Bot glossary (quick meanings)

OAI-SearchBot: AI search-style retrieval bot token.
GPTBot: commonly associated with broad crawling for training datasets.
ChatGPT-User: user-initiated retrieval token (fetching triggered by a user action).
Claude-SearchBot / ClaudeBot: Anthropic equivalents for search vs training.
PerplexityBot: Perplexity crawler token (treat like AI search; enforce via WAF if needed).
Googlebot / bingbot: classic search engine indexing bots.

FAQ

What is the difference between GPTBot and OAI-SearchBot?

They’re different user agents. Sites can allow one and block the other using robots.txt. OAI-SearchBot is typically associated with search-style retrieval, while GPTBot is commonly associated with broader crawling for model improvement datasets. Your policy may differ depending on your goals.

If I block AI bots in robots.txt, can they still access my site?

Robots.txt is a directive for compliant crawlers. Some systems may still fetch pages when a user explicitly requests them (using different user agents), and non-compliant bots may ignore robots.txt. If you need stronger enforcement, you typically also use WAF/firewall rules.

Will allowing AI search bots help me appear in AI answers?

Potentially. If an AI search system can crawl and retrieve your pages, it may be more likely to cite and link to you. However, inclusion also depends on relevance, quality, and whether your content is accessible at crawl time.

What is llms.txt and do I need it?

llms.txt is a simple, human-readable file that can point LLMs/AI systems to the most useful sections of your site. It isn’t a formal web standard, but some sites add it because it’s easy and can improve how AI retrieval systems discover key pages.

Why do AI bots get 403 or 429 errors on Cloudflare?

403/429 responses are usually WAF or rate-limiting behavior rather than robots.txt. If you intend to allow a bot, you may need to adjust firewall rules, bot protections, or rate limits so allowed bots receive normal 200/301 responses.

How do I know if I’m blocking AI crawlers on my website?

Check your robots.txt for bot-specific Disallow rules, then verify what your server actually returns to bot-style requests (status codes like 403/429, and headers like X-Robots-Tag). This tool combines robots.txt evaluation with real response checks.

What robots.txt should I use to block AI training but allow AI search?

A common approach is to allow AI search user agents while disallowing training crawlers (for example, allow OAI-SearchBot but disallow GPTBot). Always avoid blocking User-agent: * unless you want to block most crawlers, including search engines.

Does robots.txt affect Google rankings or indexing?

Yes. If you block important sections (or block User-agent: * with Disallow: /), search engines may not crawl your pages, which can prevent indexing and harm visibility. That’s why it’s safer to use targeted rules instead of blanket blocks.

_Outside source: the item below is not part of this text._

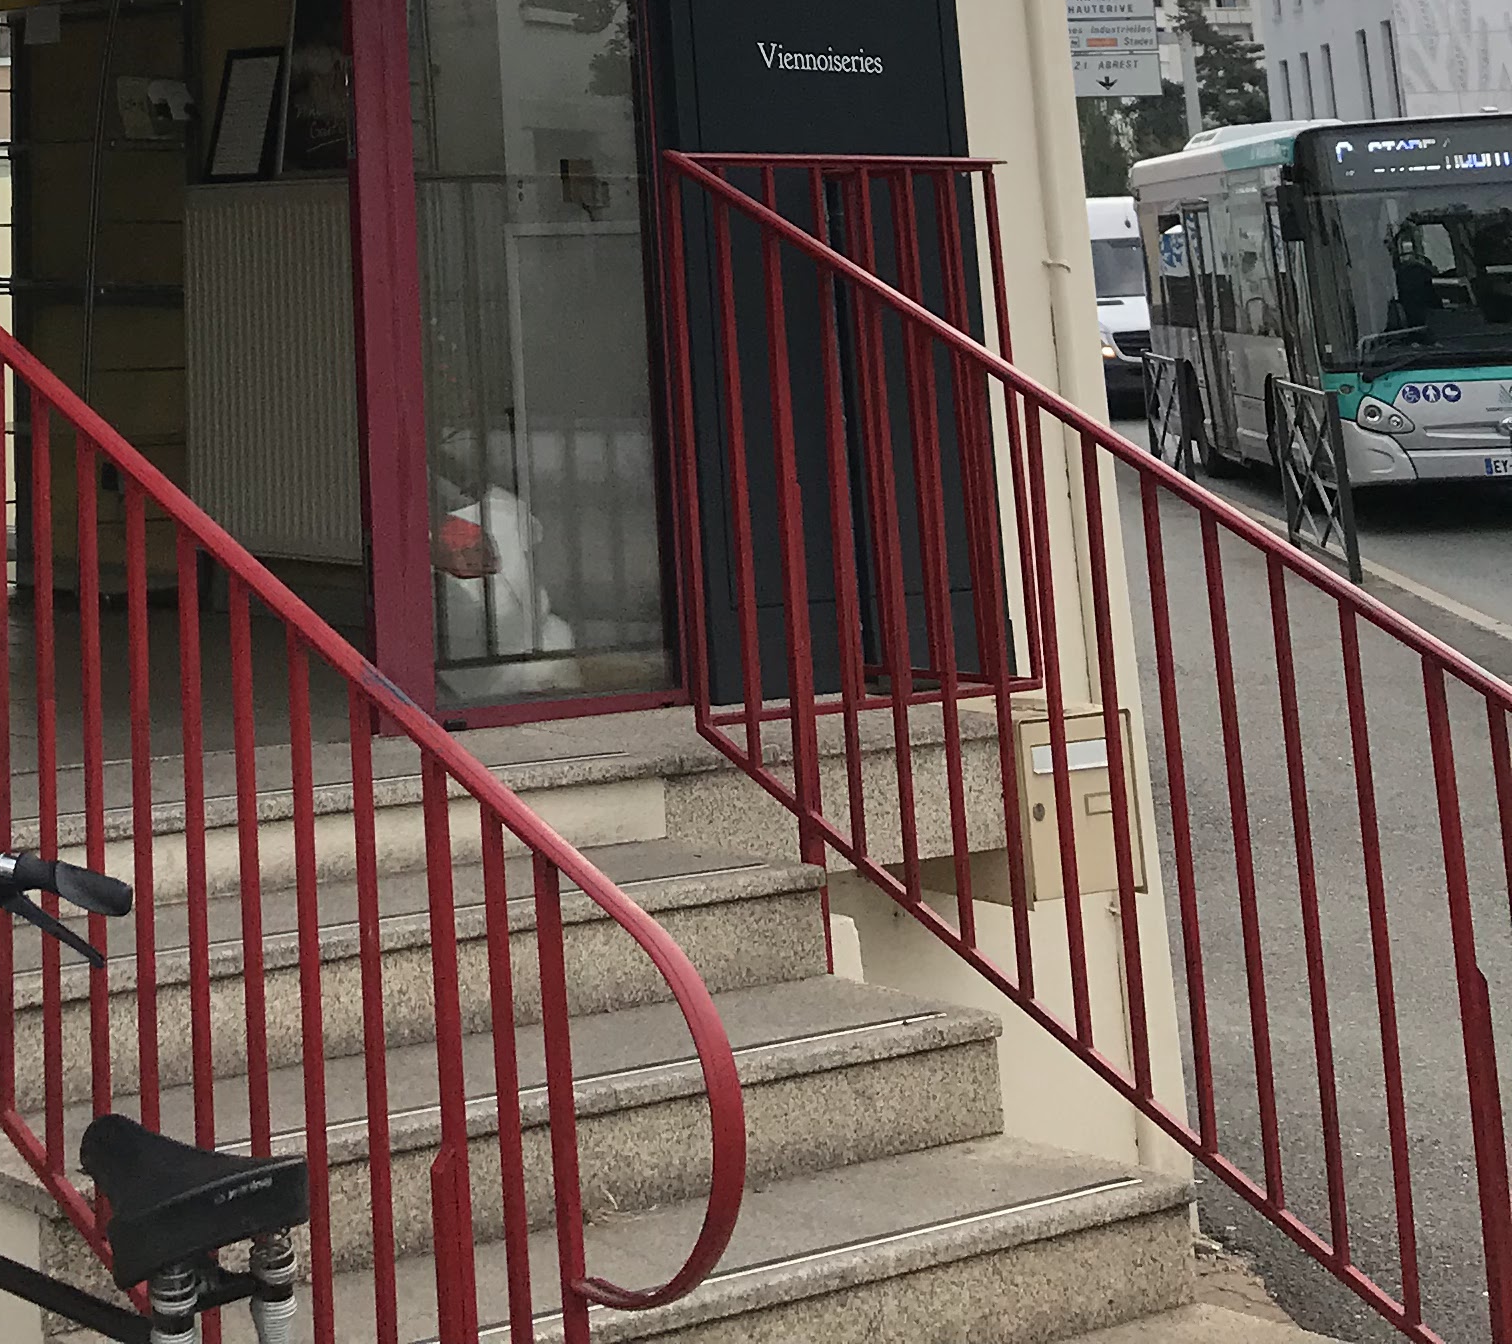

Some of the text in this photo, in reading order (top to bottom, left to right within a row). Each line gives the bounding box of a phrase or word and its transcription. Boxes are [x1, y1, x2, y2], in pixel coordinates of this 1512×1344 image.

Why is robots.txt allowed but the bot still can’t access my site?

Because robots.txt is only one layer. WAF/CDN rules, authentication, geo-blocking, bot protection, or rate limits can still return 403/429. Also, some servers treat HEAD requests differently than GET requests.

What’s the safest way to block bots without breaking SEO?

Start by keeping User-agent: * open (or only blocking truly private paths like /admin/ and /account/), then add bot-specific rules for AI crawlers you want to restrict. If you need enforcement, apply WAF rules that target specific user agents and paths rather than blanket blocks.